● PROBLEM DESCRIPTION
The listing that follows must be retyped in full, exactly.

START GIVEN ENTRIES

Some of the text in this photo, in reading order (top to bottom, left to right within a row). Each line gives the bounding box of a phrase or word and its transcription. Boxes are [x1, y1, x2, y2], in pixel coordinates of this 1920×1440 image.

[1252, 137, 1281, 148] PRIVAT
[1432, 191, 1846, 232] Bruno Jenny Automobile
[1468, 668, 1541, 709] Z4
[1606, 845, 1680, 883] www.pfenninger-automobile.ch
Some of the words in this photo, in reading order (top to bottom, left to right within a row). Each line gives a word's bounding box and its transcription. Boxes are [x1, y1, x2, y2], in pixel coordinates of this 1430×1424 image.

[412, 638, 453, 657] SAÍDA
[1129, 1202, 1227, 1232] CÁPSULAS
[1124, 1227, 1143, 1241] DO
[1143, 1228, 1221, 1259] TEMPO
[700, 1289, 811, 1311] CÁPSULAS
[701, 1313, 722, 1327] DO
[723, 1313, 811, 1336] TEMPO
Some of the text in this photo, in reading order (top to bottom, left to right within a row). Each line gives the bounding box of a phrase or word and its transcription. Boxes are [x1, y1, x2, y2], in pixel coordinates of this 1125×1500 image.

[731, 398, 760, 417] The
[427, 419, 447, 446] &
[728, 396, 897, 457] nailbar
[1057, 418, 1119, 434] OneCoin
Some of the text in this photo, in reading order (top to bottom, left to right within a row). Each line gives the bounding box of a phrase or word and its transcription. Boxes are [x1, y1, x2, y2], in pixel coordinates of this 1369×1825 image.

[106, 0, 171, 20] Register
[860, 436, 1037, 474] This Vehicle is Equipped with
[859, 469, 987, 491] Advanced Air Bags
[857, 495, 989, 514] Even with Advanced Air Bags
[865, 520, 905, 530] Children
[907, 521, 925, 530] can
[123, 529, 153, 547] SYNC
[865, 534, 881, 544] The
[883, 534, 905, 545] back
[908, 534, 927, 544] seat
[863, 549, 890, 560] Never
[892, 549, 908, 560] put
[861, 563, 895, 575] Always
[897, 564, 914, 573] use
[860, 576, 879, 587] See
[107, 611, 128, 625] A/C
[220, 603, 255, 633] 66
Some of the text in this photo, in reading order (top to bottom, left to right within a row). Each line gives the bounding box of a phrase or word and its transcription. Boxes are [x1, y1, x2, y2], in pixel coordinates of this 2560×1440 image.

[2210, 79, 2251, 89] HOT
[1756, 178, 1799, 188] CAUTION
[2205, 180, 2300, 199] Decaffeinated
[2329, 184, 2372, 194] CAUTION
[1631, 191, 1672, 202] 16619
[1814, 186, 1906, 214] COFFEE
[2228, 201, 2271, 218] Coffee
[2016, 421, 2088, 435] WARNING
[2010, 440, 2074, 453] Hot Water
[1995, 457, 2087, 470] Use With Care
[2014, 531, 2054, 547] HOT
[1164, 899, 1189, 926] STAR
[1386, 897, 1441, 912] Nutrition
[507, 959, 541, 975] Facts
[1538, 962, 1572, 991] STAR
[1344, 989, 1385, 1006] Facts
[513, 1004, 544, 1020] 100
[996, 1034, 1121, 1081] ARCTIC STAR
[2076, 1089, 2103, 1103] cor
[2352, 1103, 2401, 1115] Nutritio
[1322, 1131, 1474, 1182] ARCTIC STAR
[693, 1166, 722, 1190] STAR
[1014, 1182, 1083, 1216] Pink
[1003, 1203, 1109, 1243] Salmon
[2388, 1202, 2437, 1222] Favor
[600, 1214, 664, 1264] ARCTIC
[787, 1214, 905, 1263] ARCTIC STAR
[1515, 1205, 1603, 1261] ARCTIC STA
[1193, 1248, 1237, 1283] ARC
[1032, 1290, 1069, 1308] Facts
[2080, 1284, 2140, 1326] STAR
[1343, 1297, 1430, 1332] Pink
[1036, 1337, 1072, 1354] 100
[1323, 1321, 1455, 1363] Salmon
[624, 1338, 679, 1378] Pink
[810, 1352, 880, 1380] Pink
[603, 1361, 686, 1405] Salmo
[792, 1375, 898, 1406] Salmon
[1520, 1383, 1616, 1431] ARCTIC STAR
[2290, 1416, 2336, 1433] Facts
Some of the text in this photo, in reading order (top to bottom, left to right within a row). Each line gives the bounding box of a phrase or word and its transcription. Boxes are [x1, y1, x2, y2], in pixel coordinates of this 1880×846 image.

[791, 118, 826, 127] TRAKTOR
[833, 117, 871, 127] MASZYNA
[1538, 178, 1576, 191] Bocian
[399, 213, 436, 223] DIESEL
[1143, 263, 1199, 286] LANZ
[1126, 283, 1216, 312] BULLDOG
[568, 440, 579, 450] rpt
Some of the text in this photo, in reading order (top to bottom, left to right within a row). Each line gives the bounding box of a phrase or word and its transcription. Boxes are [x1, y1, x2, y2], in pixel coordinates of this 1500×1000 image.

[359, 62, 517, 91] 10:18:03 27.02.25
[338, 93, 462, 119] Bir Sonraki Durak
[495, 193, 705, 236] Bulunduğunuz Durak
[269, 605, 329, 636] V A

END GIVEN ENTRIES

● RESPONSE TO THE TASK
Some of the text in this photo, in reading order (top to bottom, left to right within a row). Each line gives the bounding box of a phrase or word and its transcription. Boxes are [x1, y1, x2, y2], in pixel coordinates of this 1920×1440 image.

[1252, 137, 1281, 148] PRIVAT
[1432, 191, 1846, 232] Bruno Jenny Automobile
[1468, 668, 1541, 709] Z4
[1606, 845, 1680, 883] www.pfenninger-automobile.ch
Some of the words in this photo, in reading order (top to bottom, left to right within a row). Each line gives a word's bounding box and its transcription. Boxes are [x1, y1, x2, y2], in pixel coordinates of this 1430×1424 image.

[412, 638, 453, 657] SAÍDA
[1129, 1202, 1227, 1232] CÁPSULAS
[1124, 1227, 1143, 1241] DO
[1143, 1228, 1221, 1259] TEMPO
[700, 1289, 811, 1311] CÁPSULAS
[701, 1313, 722, 1327] DO
[723, 1313, 811, 1336] TEMPO
Some of the text in this photo, in reading order (top to bottom, left to right within a row). Each line gives the bounding box of a phrase or word and its transcription. Boxes are [x1, y1, x2, y2], in pixel coordinates of this 1125×1500 image.

[731, 398, 760, 417] The
[427, 419, 447, 446] &
[728, 396, 897, 457] nailbar
[1057, 418, 1119, 434] OneCoin
Some of the text in this photo, in reading order (top to bottom, left to right within a row). Each line gives the bounding box of a phrase or word and its transcription. Boxes are [x1, y1, x2, y2], in pixel coordinates of this 1369×1825 image.

[106, 0, 171, 20] Register
[860, 436, 1037, 474] This Vehicle is Equipped with
[859, 469, 987, 491] Advanced Air Bags
[857, 495, 989, 514] Even with Advanced Air Bags
[865, 520, 905, 530] Children
[907, 521, 925, 530] can
[123, 529, 153, 547] SYNC
[865, 534, 881, 544] The
[883, 534, 905, 545] back
[908, 534, 927, 544] seat
[863, 549, 890, 560] Never
[892, 549, 908, 560] put
[861, 563, 895, 575] Always
[897, 564, 914, 573] use
[860, 576, 879, 587] See
[107, 611, 128, 625] A/C
[220, 603, 255, 633] 66
Some of the text in this photo, in reading order (top to bottom, left to right within a row). Each line gives the bounding box of a phrase or word and its transcription. Boxes are [x1, y1, x2, y2], in pixel coordinates of this 2560×1440 image.

[2210, 79, 2251, 89] HOT
[1756, 178, 1799, 188] CAUTION
[2205, 180, 2300, 199] Decaffeinated
[2329, 184, 2372, 194] CAUTION
[1631, 191, 1672, 202] 16619
[1814, 186, 1906, 214] COFFEE
[2228, 201, 2271, 218] Coffee
[2016, 421, 2088, 435] WARNING
[2010, 440, 2074, 453] Hot Water
[1995, 457, 2087, 470] Use With Care
[2014, 531, 2054, 547] HOT
[1164, 899, 1189, 926] STAR
[1386, 897, 1441, 912] Nutrition
[507, 959, 541, 975] Facts
[1538, 962, 1572, 991] STAR
[1344, 989, 1385, 1006] Facts
[513, 1004, 544, 1020] 100
[996, 1034, 1121, 1081] ARCTIC STAR
[2076, 1089, 2103, 1103] cor
[2352, 1103, 2401, 1115] Nutritio
[1322, 1131, 1474, 1182] ARCTIC STAR
[693, 1166, 722, 1190] STAR
[1014, 1182, 1083, 1216] Pink
[1003, 1203, 1109, 1243] Salmon
[2388, 1202, 2437, 1222] Favor
[600, 1214, 664, 1264] ARCTIC
[787, 1214, 905, 1263] ARCTIC STAR
[1515, 1205, 1603, 1261] ARCTIC STA
[1193, 1248, 1237, 1283] ARC
[1032, 1290, 1069, 1308] Facts
[2080, 1284, 2140, 1326] STAR
[1343, 1297, 1430, 1332] Pink
[1036, 1337, 1072, 1354] 100
[1323, 1321, 1455, 1363] Salmon
[624, 1338, 679, 1378] Pink
[810, 1352, 880, 1380] Pink
[603, 1361, 686, 1405] Salmo
[792, 1375, 898, 1406] Salmon
[1520, 1383, 1616, 1431] ARCTIC STAR
[2290, 1416, 2336, 1433] Facts
Some of the text in this photo, in reading order (top to bottom, left to right within a row). Each line gives the bounding box of a phrase or word and its transcription. Boxes are [x1, y1, x2, y2], in pixel coordinates of this 1880×846 image.

[791, 118, 826, 127] TRAKTOR
[833, 117, 871, 127] MASZYNA
[1538, 178, 1576, 191] Bocian
[399, 213, 436, 223] DIESEL
[1143, 263, 1199, 286] LANZ
[1126, 283, 1216, 312] BULLDOG
[568, 440, 579, 450] rpt
Some of the text in this photo, in reading order (top to bottom, left to right within a row). Each line gives the bounding box of a phrase or word and its transcription. Boxes are [x1, y1, x2, y2], in pixel coordinates of this 1500×1000 image.

[359, 62, 517, 91] 10:18:03 27.02.25
[338, 93, 462, 119] Bir Sonraki Durak
[495, 193, 705, 236] Bulunduğunuz Durak
[269, 605, 329, 636] V A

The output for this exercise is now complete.